EXERCISE –
Nothing but the lines from the one containing "this 1344×1134 image." to the end of the data should be copied, exactly, and the pictures stay out.

GIVEN RECORDS –
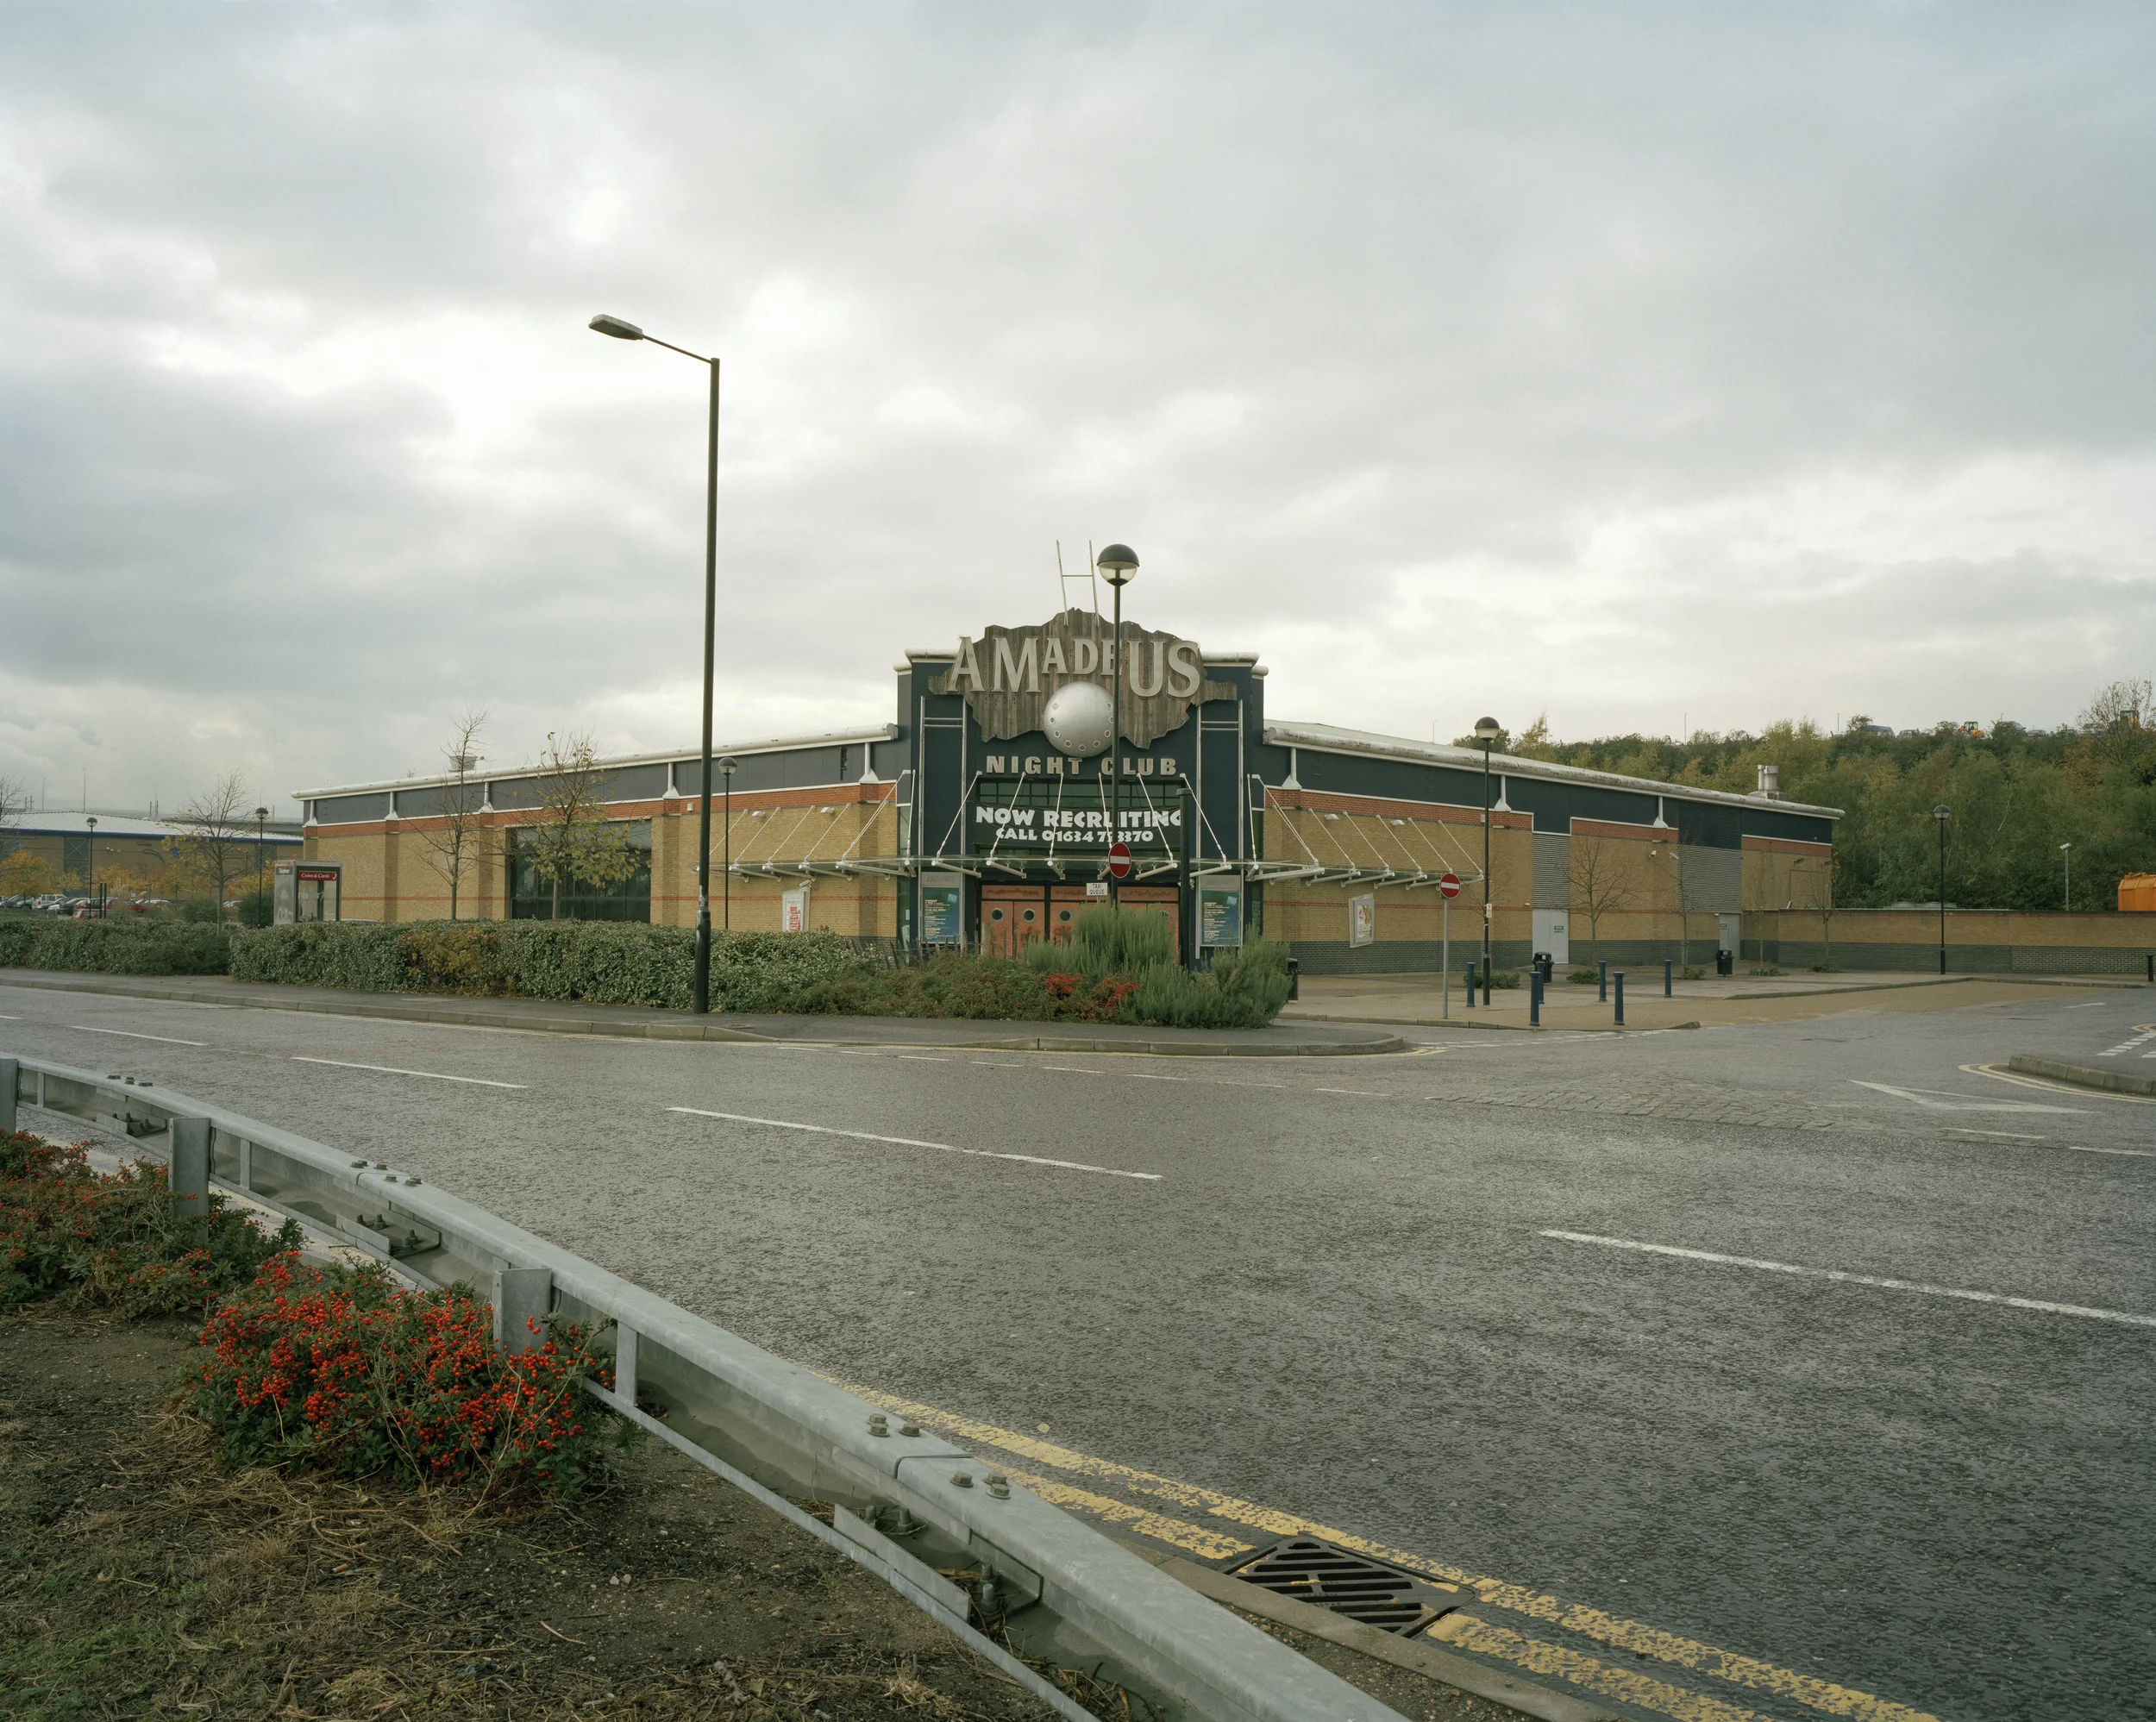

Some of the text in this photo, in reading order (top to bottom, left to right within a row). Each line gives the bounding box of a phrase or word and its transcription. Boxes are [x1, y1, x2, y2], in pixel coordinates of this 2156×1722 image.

[946, 636, 1201, 698] AMADEUS
[987, 755, 1176, 776] NIGHT CLUB
[976, 806, 1181, 828] NOW RECRUITING
[996, 828, 1037, 841] CALL
[1042, 830, 1094, 842] 01634
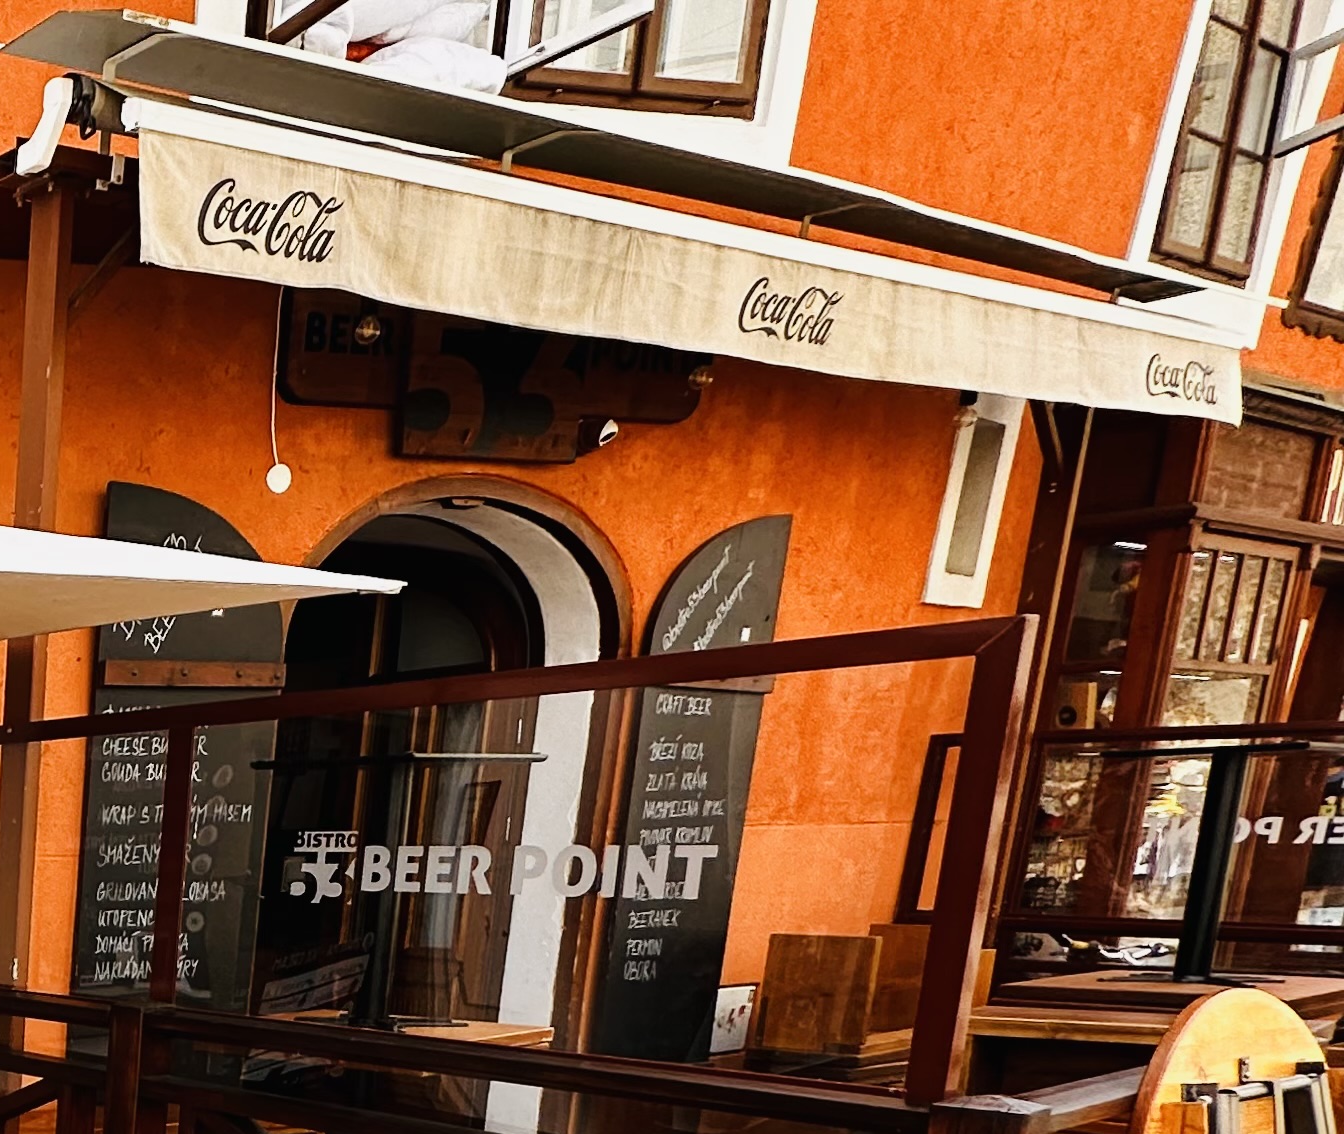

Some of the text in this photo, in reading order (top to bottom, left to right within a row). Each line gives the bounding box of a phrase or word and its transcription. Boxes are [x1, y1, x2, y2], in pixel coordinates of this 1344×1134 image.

[197, 177, 345, 264] Coca-Cola
[737, 276, 845, 347] Coca-Cola
[1145, 352, 1218, 406] Coca-Cola
[144, 616, 177, 654] BEE
[684, 696, 712, 716] BEER
[102, 735, 209, 756] CHEESE BUR
[101, 761, 203, 783] GOUDA BUR
[101, 803, 137, 826] WRAP
[139, 804, 151, 825] S
[295, 831, 359, 849] BISTRO
[361, 843, 719, 900] BEER POINT
[96, 878, 159, 902] GRILOVAN
[97, 909, 155, 927] UTOPENC
[93, 956, 153, 982] NAKLÁDAN
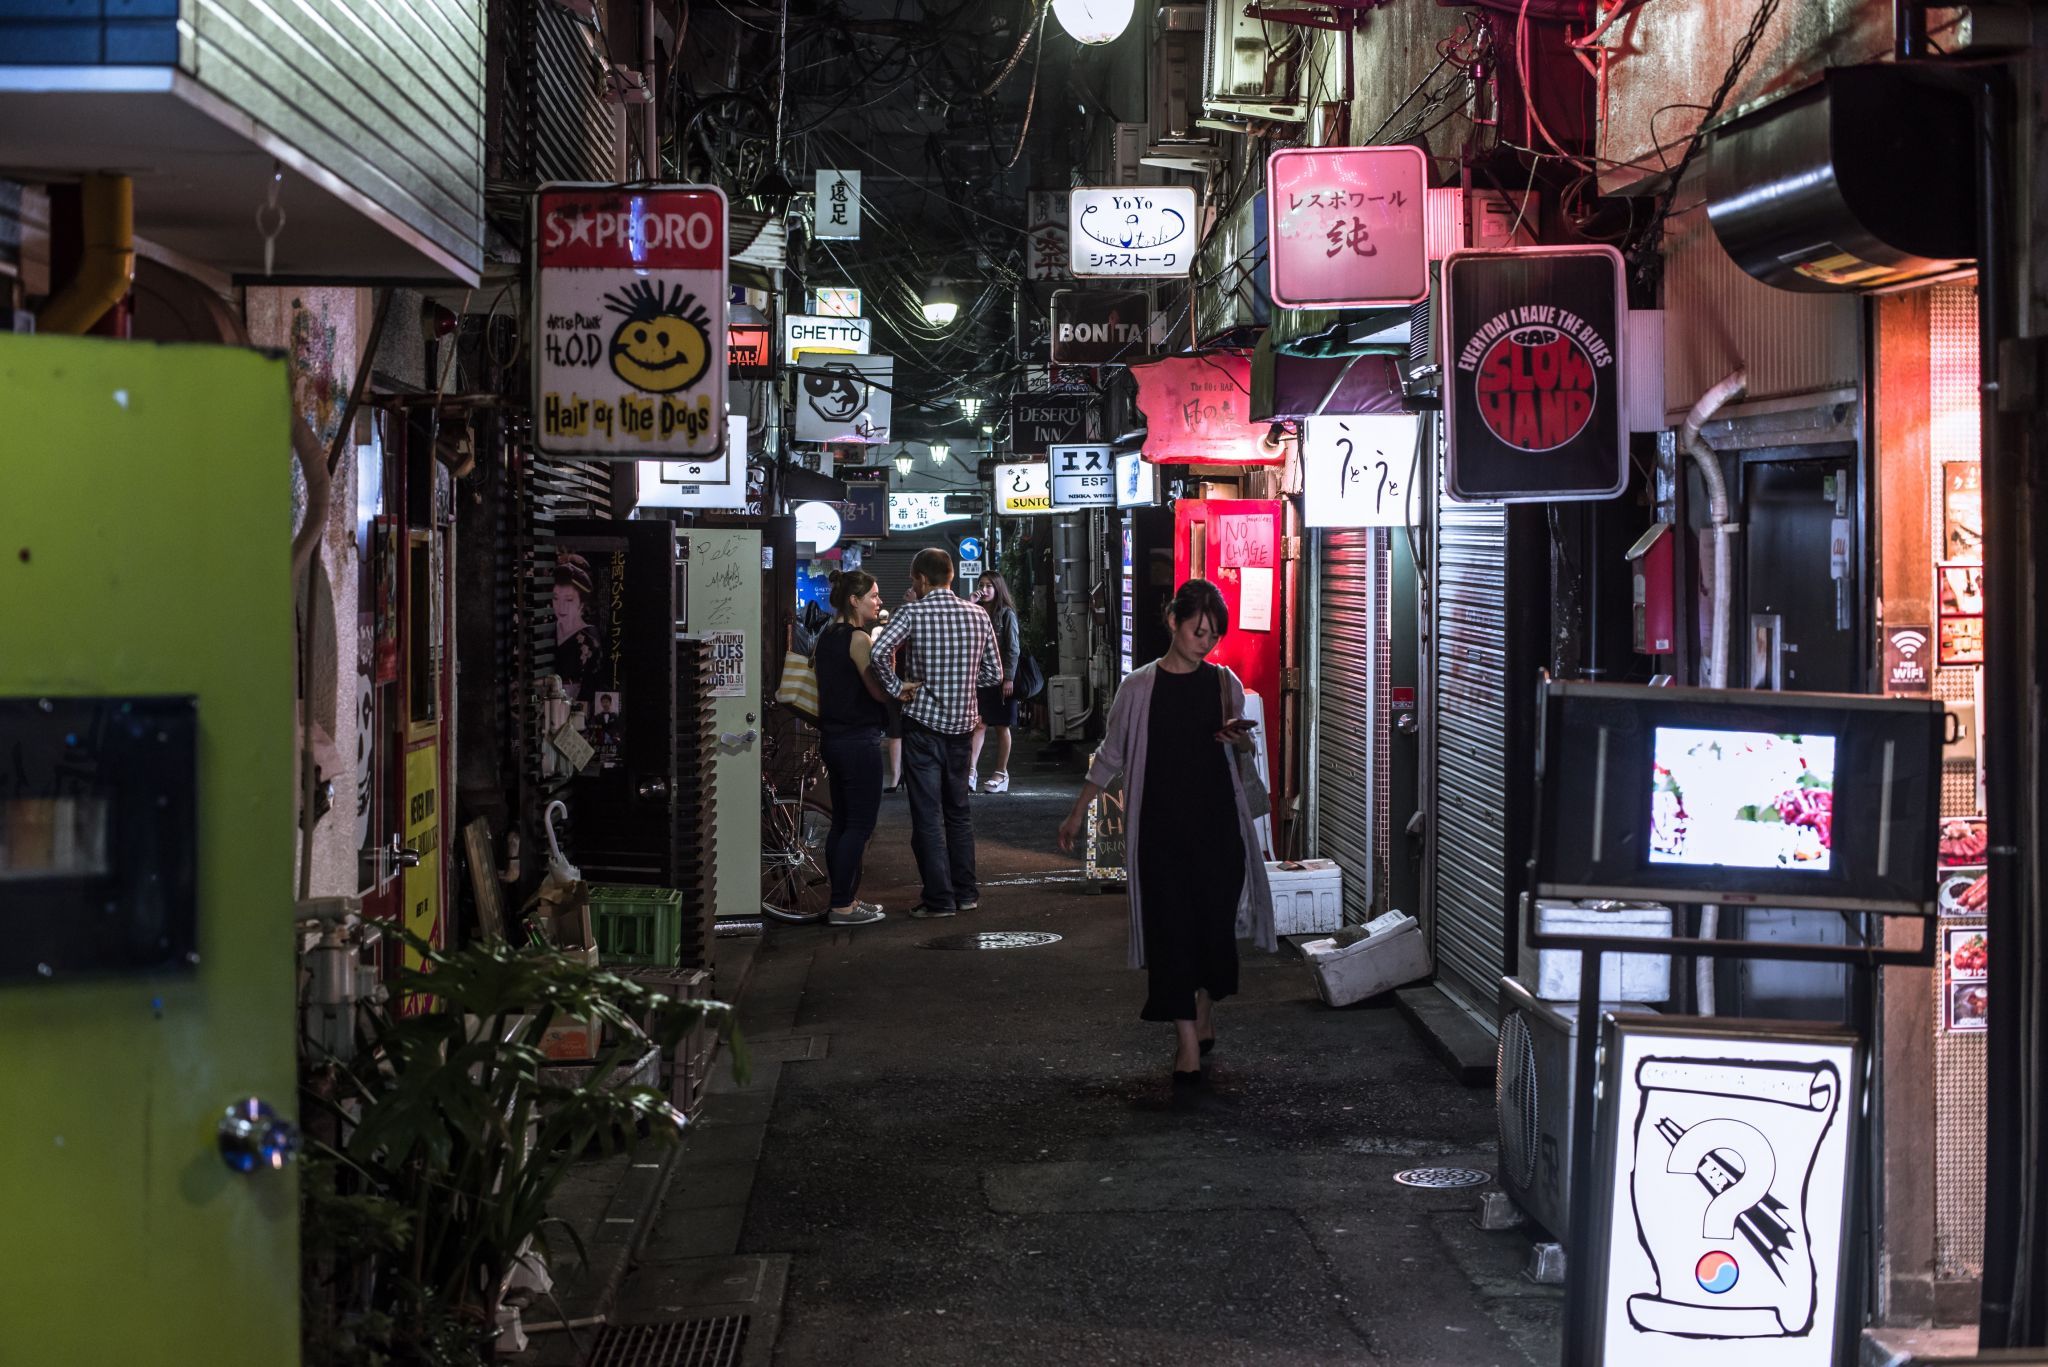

ANSWER SECTION –
Some of the text in this photo, in reading order (top to bottom, left to right within a row). Each line gives the bounding box of a phrase or word and its transcription. Boxes are [x1, y1, x2, y2], in pixel coordinates of this 1344×1134 image.

[197, 177, 345, 264] Coca-Cola
[737, 276, 845, 347] Coca-Cola
[1145, 352, 1218, 406] Coca-Cola
[144, 616, 177, 654] BEE
[684, 696, 712, 716] BEER
[102, 735, 209, 756] CHEESE BUR
[101, 761, 203, 783] GOUDA BUR
[101, 803, 137, 826] WRAP
[139, 804, 151, 825] S
[295, 831, 359, 849] BISTRO
[361, 843, 719, 900] BEER POINT
[96, 878, 159, 902] GRILOVAN
[97, 909, 155, 927] UTOPENC
[93, 956, 153, 982] NAKLÁDAN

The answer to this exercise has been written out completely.